François Bricaire ajoute alors, non sans préciser qu’il parle en tant que citoyen : « Si le coronavirus était un coronavirus déjà connu antérieurement, si on le voyait circuler chaque année, sans doute ne prendrions-nous pas autant de mesures et autant de précautions. Donc, le fait que ce coronavirus soit un coronavirus émergeant jusqu’ici inconnu, et le fait que la Chine a décidé de prendre des mesures drastiques, ça a donné un exemple qui pousse l’ensemble de la communauté internationale à suivre un peu vers des mesures fortes. Gardons notre sang froid, c'est la meilleure façon de réagir de toute façon vis à vis d'un phénomène épidémique, et surtout ne nous inquiétons pas au-delà de ce qui est raisonnable ».
Bricaire a certainement compris quelques ressorts de cette crise non seulement sanitaire mais aussi et surtout psycho-politique. C’est la nouveauté du virus qui a engendré cette réaction. Au final, c’est exactement ce qui s’est passé lors de la pandémie H1N1 que j’ai eu l’occasion de suivre. Le virus H1N1 de la grippe isolé sur le patient zéro à Mexico s’est révélé nouveau, issu d’un réassortiment de séquences entre trois souches, porcine, aviaire, humaine.
4) Que faire alors ? Il est évident qu’un observateur réfléchissant depuis son coin de France n’aura pas la même appréciation qu’un acteur placé au centre des décisions gouvernementales et sanitaires. Ce qui n’empêche pas de raisonner. Et de penser qu’avec le réservoir de personnes pouvant attraper le virus ainsi que la dynamique de propagation, l’épidémie risque de se poursuivre avec une vitesse conséquente pendant quelques mois.

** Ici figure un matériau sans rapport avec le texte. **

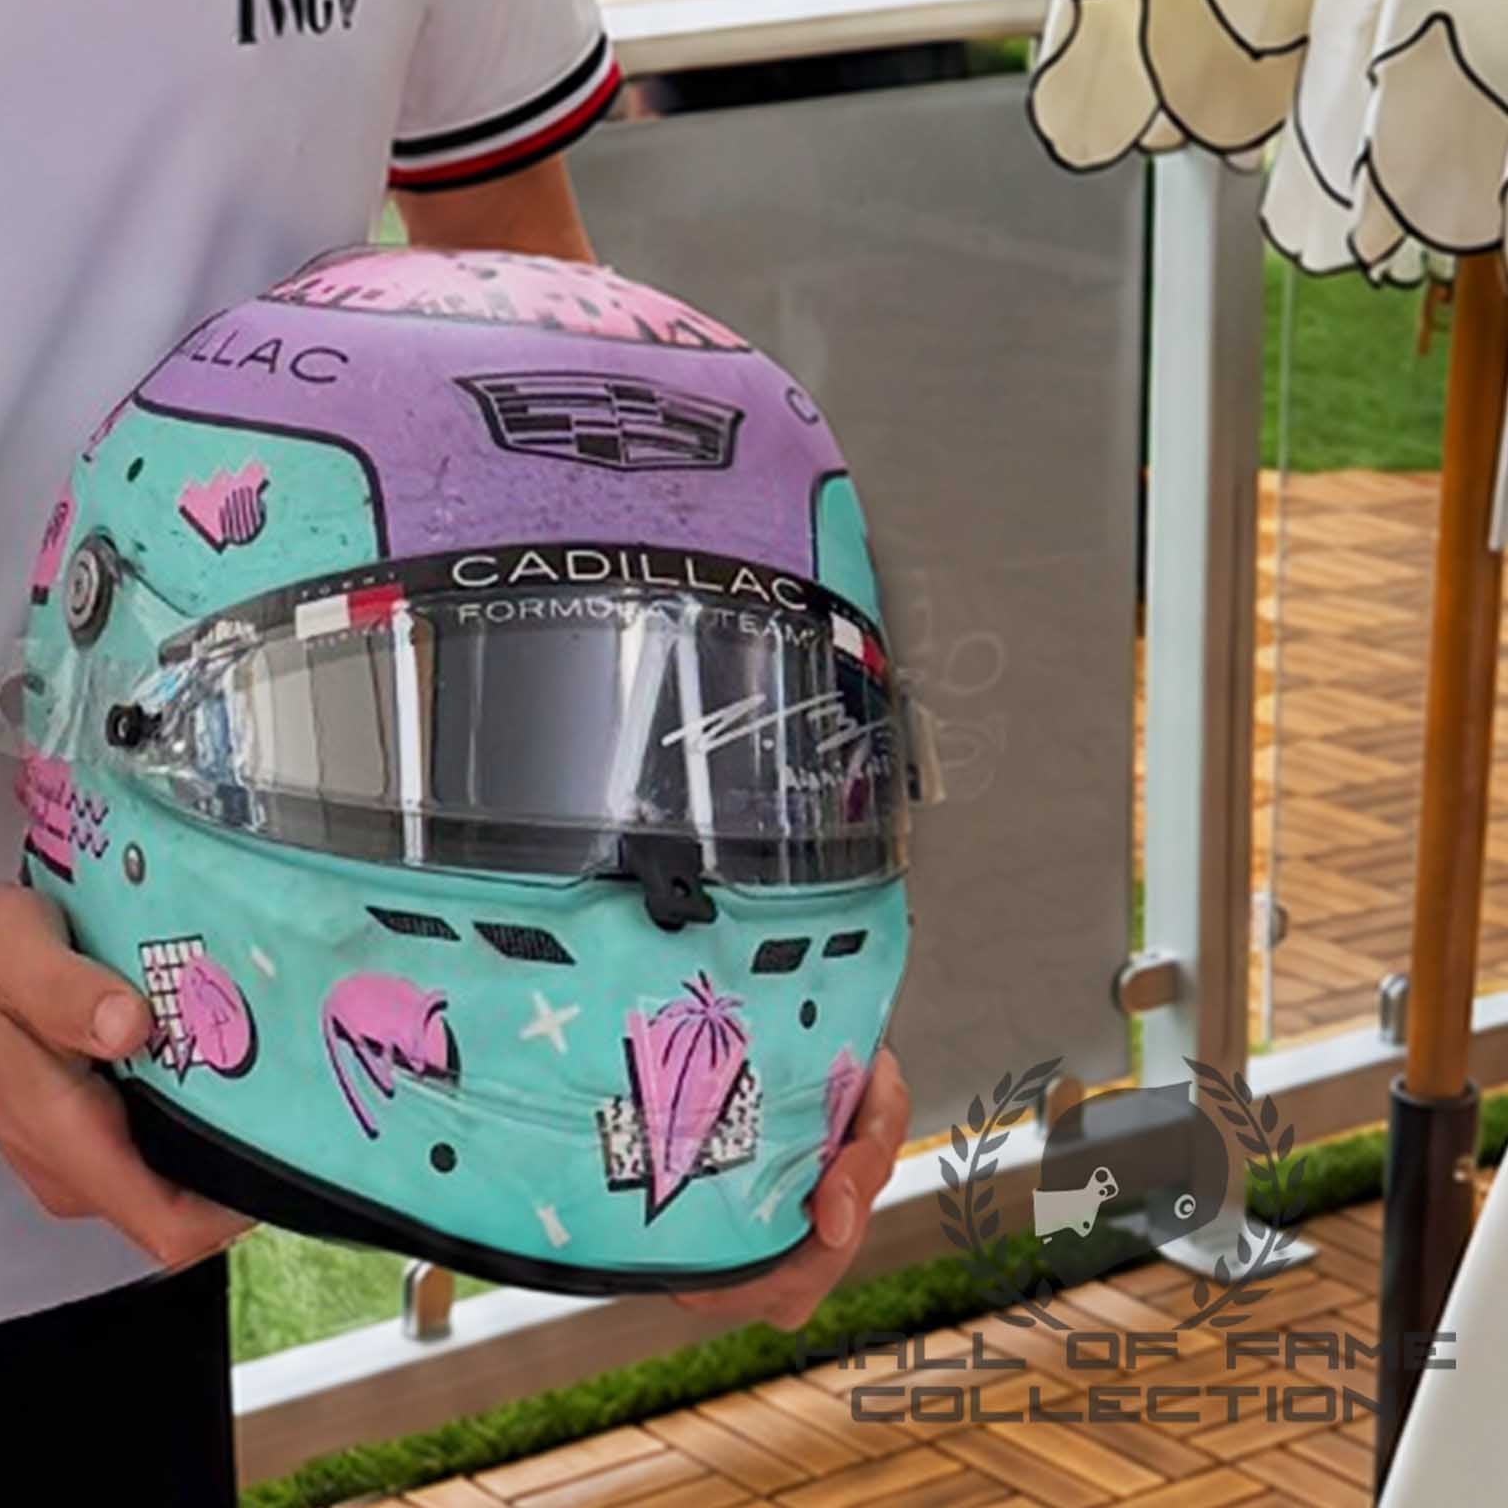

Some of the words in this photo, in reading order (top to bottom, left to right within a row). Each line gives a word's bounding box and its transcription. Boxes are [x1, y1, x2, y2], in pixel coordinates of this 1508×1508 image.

[190, 328, 350, 384] LLAC
[451, 549, 808, 611] CADILLAC
[457, 595, 672, 626] FORMUA

Les décisions ne reposent pas uniquement sur le curseur sanitaire. Elles engagent une orientation dans les choix de société. Les mesures du stade 3 ne sont efficaces que si elles sont reconduites jusqu’à l’été à moins que le virus ne se montre moins menaçant que prévu. On ne peut pas bloquer un pays pendant trois mois ou si mais alors cette décision aurait des conséquences gravissimes, surtout si toutes les nations font de même. Peut-être faut-il assumer une part de risque et assumer aussi la possibilité de ne pas pratiquer un acharnement thérapeutique sur des patients qui, avec ou sans virus, sont condamnés à une issue fatale. C’est difficile de parler en ces termes. La mort est encore un sujet recélant son cortège de tabous mais elle refait surface à l’occasion de cette crise sanitaire devenue sociale, politique et sans doute signant la marque d’une civilisation en fin de course.

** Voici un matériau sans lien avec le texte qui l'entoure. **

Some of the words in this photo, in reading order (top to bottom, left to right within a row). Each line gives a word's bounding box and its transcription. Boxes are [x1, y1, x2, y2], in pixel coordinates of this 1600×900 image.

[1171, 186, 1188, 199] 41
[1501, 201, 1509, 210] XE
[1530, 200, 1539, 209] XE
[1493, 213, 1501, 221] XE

L’hypothèse d’une levée des mesures contraignantes n’est pas encore d’actualité ni plausible au vu de l’esprit régnant dans le pays. J’espère juste avoir expliqué que cette hypothèse tient la route. J’espère aussi vous avoir convaincu que les décisions administratives prises par les gouvernants ne sont pas automatiques. On peut modifier le curseur mais aussi effectuer des choix.